## What is being asked
Transcribe the records below in their entirety, and leave out each image.

## Record excerpts
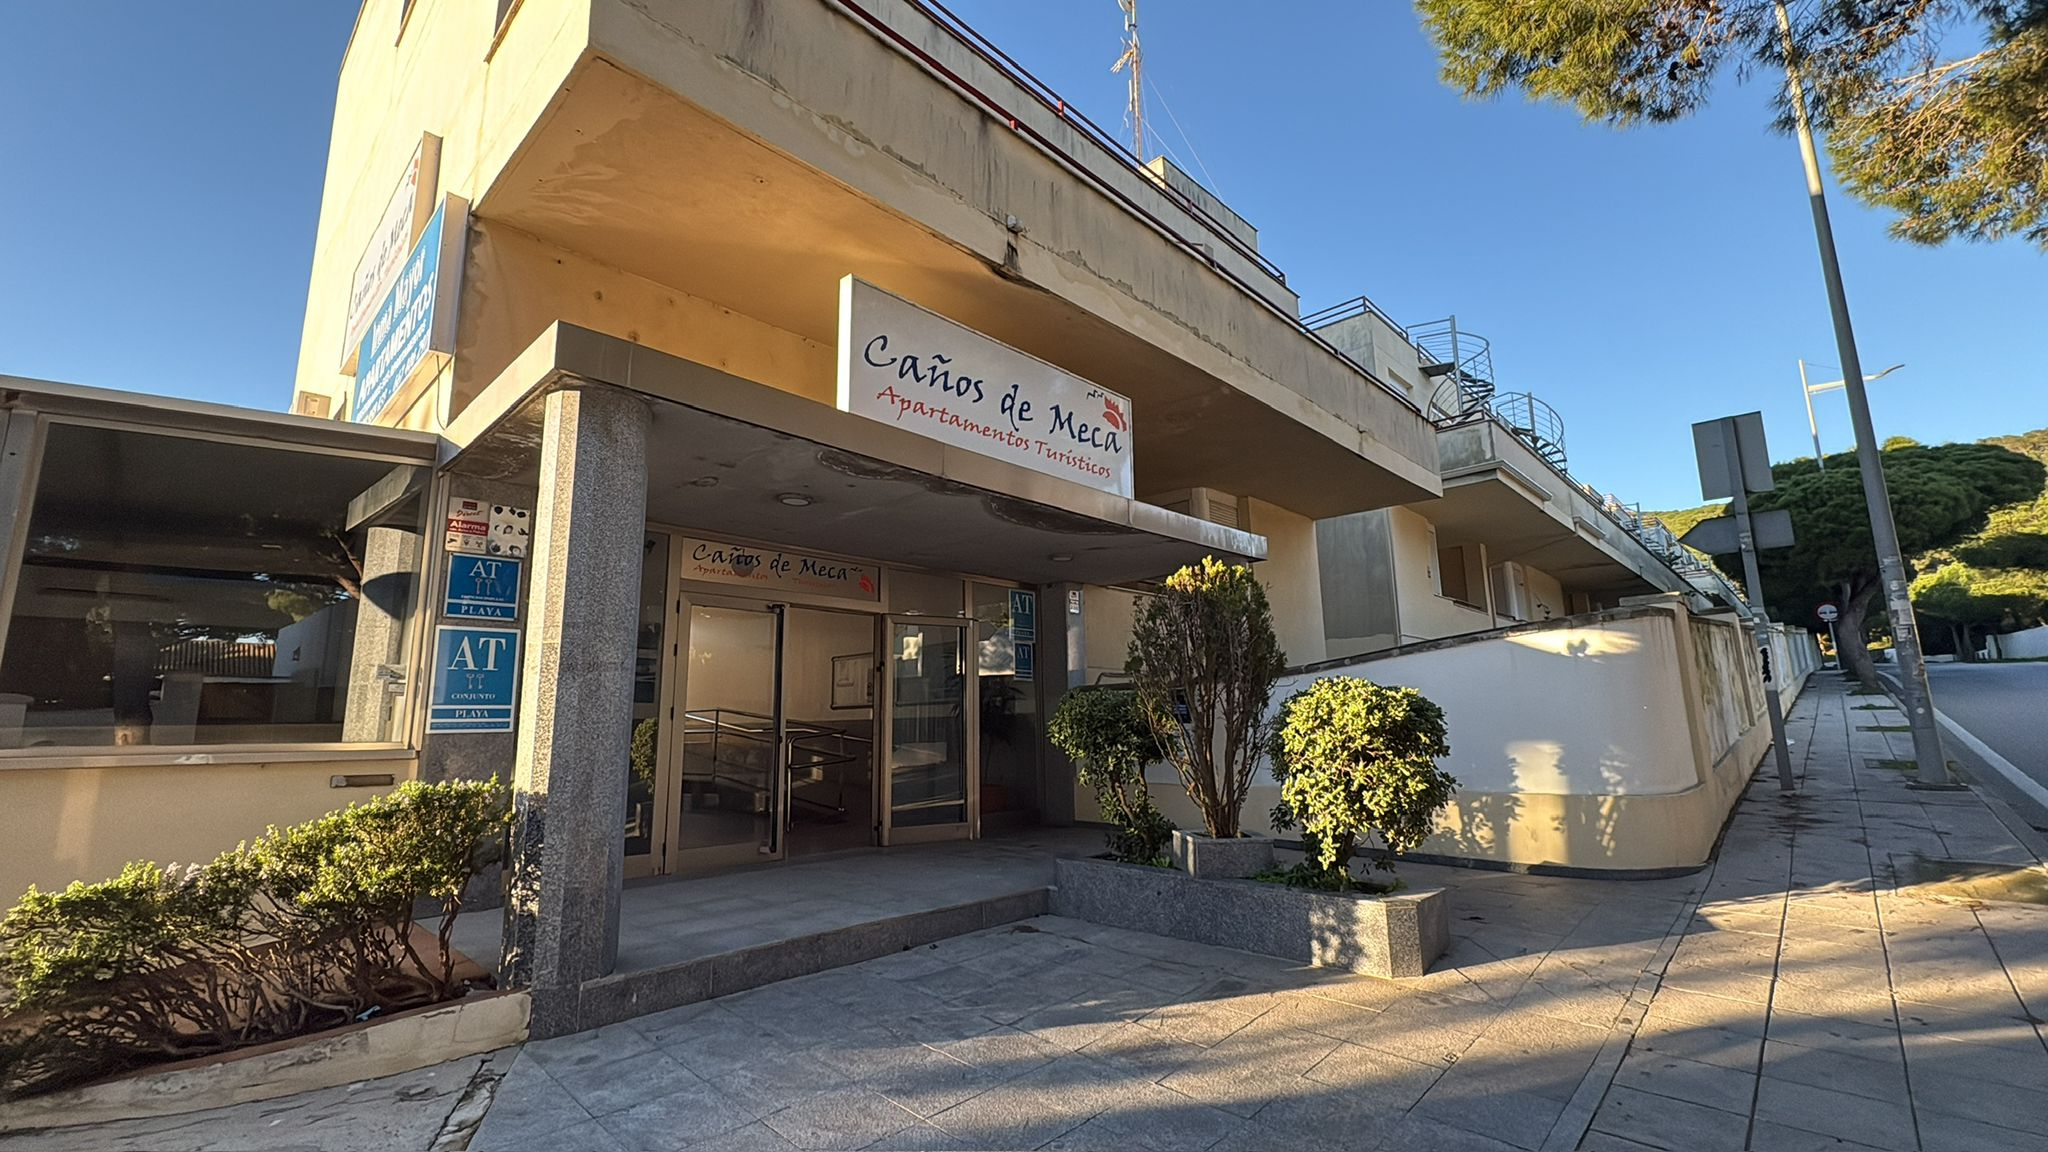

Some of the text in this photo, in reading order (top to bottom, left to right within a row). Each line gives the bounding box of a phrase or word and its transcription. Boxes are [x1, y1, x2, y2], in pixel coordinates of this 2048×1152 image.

[864, 334, 1123, 454] Caños de Meca
[876, 385, 1112, 479] Apartamentos Turísticos
[449, 520, 487, 531] Alarma
[468, 560, 502, 579] AT
[769, 553, 791, 578] de
[799, 558, 848, 580] Meca
[460, 605, 502, 616] PLAYA
[1012, 593, 1033, 615] AT
[447, 635, 506, 671] AT
[451, 692, 496, 701] CONJUNTO
[455, 709, 489, 718] PLAYA
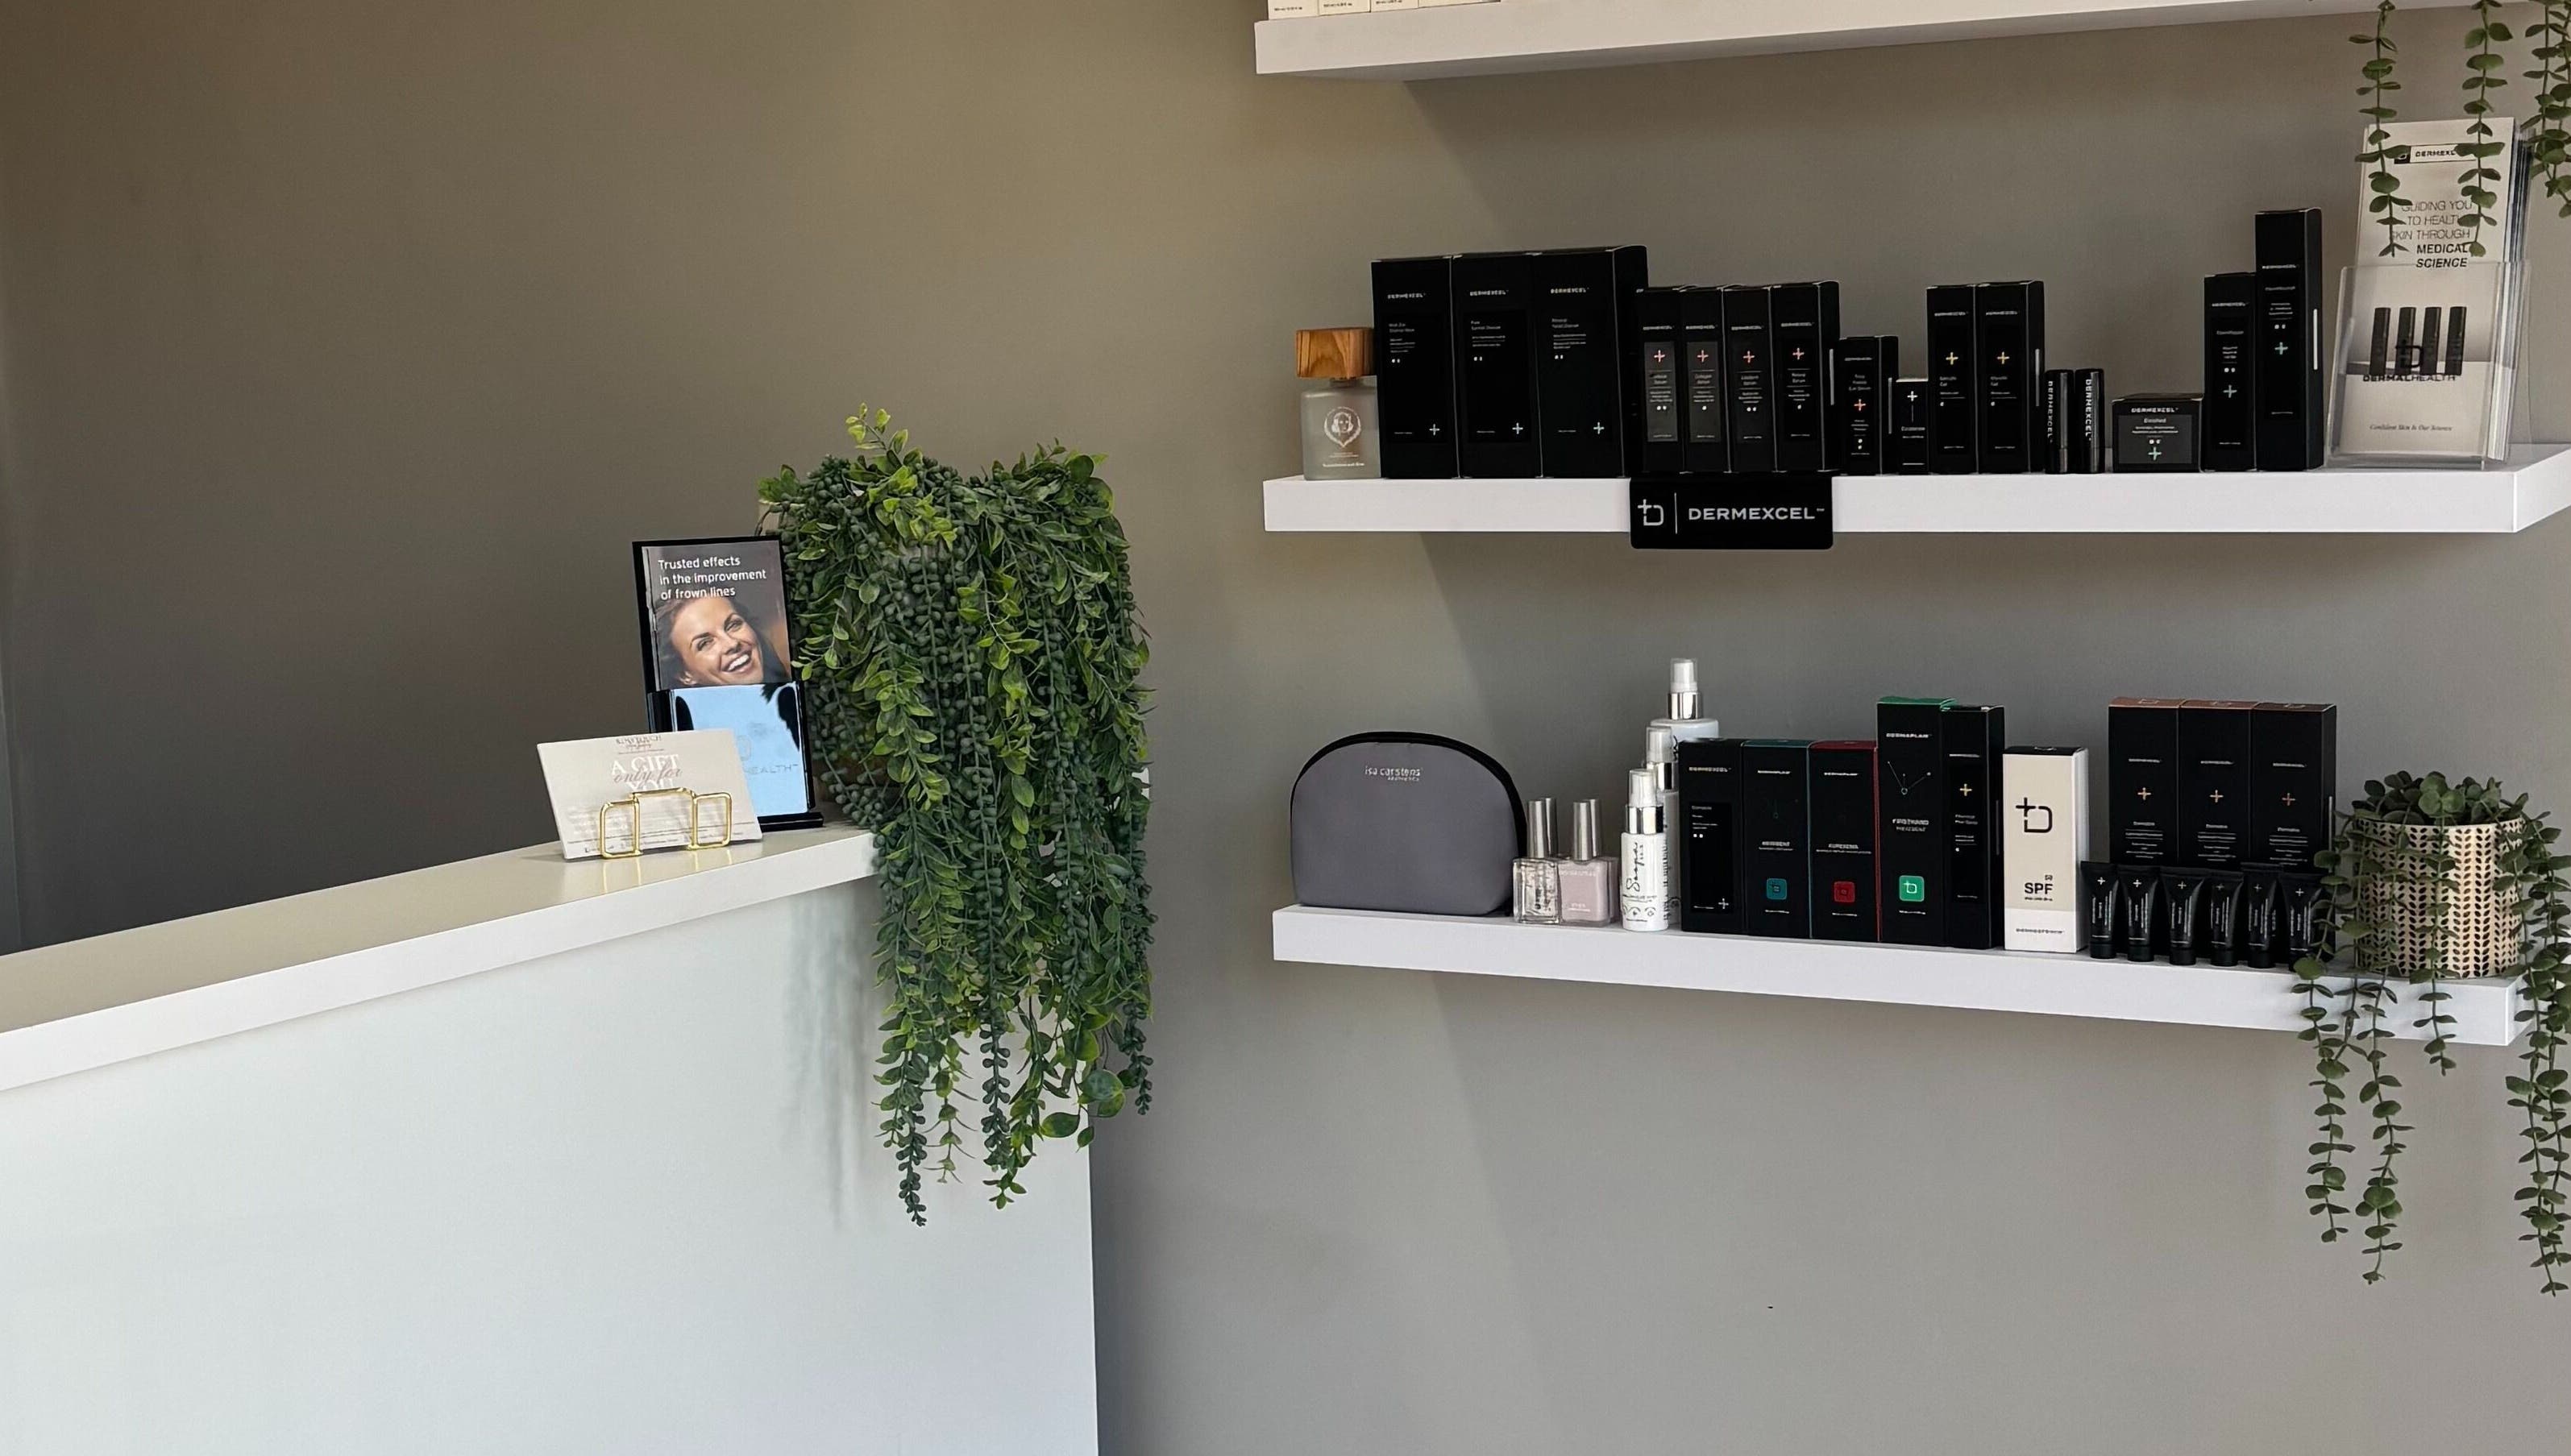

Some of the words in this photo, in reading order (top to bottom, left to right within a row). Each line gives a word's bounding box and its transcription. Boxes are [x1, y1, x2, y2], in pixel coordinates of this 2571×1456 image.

[2449, 200, 2473, 210] YOU
[2407, 215, 2422, 226] TO
[2424, 214, 2460, 226] HEALT
[2417, 228, 2470, 239] THROUGH
[2416, 243, 2469, 254] MEDICAL
[2415, 257, 2468, 268] SCIENCE
[658, 558, 700, 570] Trusted
[703, 556, 741, 568] effects
[659, 574, 670, 585] in
[672, 574, 691, 584] the
[694, 570, 766, 585] improvement
[661, 589, 671, 600] of
[675, 588, 709, 599] frown
[710, 587, 736, 598] lines
[612, 760, 626, 774] A
[631, 754, 679, 772] GIFT
[613, 769, 651, 787] only
[657, 761, 683, 785] for
[2024, 882, 2054, 895] SPF

## Output for this exercise
Some of the text in this photo, in reading order (top to bottom, left to right within a row). Each line gives the bounding box of a phrase or word and its transcription. Boxes are [x1, y1, x2, y2], in pixel coordinates of this 2048×1152 image.

[864, 334, 1123, 454] Caños de Meca
[876, 385, 1112, 479] Apartamentos Turísticos
[449, 520, 487, 531] Alarma
[468, 560, 502, 579] AT
[769, 553, 791, 578] de
[799, 558, 848, 580] Meca
[460, 605, 502, 616] PLAYA
[1012, 593, 1033, 615] AT
[447, 635, 506, 671] AT
[451, 692, 496, 701] CONJUNTO
[455, 709, 489, 718] PLAYA

Some of the words in this photo, in reading order (top to bottom, left to right within a row). Each line gives a word's bounding box and its transcription. Boxes are [x1, y1, x2, y2], in pixel coordinates of this 2571×1456 image.

[2449, 200, 2473, 210] YOU
[2407, 215, 2422, 226] TO
[2424, 214, 2460, 226] HEALT
[2417, 228, 2470, 239] THROUGH
[2416, 243, 2469, 254] MEDICAL
[2415, 257, 2468, 268] SCIENCE
[658, 558, 700, 570] Trusted
[703, 556, 741, 568] effects
[659, 574, 670, 585] in
[672, 574, 691, 584] the
[694, 570, 766, 585] improvement
[661, 589, 671, 600] of
[675, 588, 709, 599] frown
[710, 587, 736, 598] lines
[612, 760, 626, 774] A
[631, 754, 679, 772] GIFT
[613, 769, 651, 787] only
[657, 761, 683, 785] for
[2024, 882, 2054, 895] SPF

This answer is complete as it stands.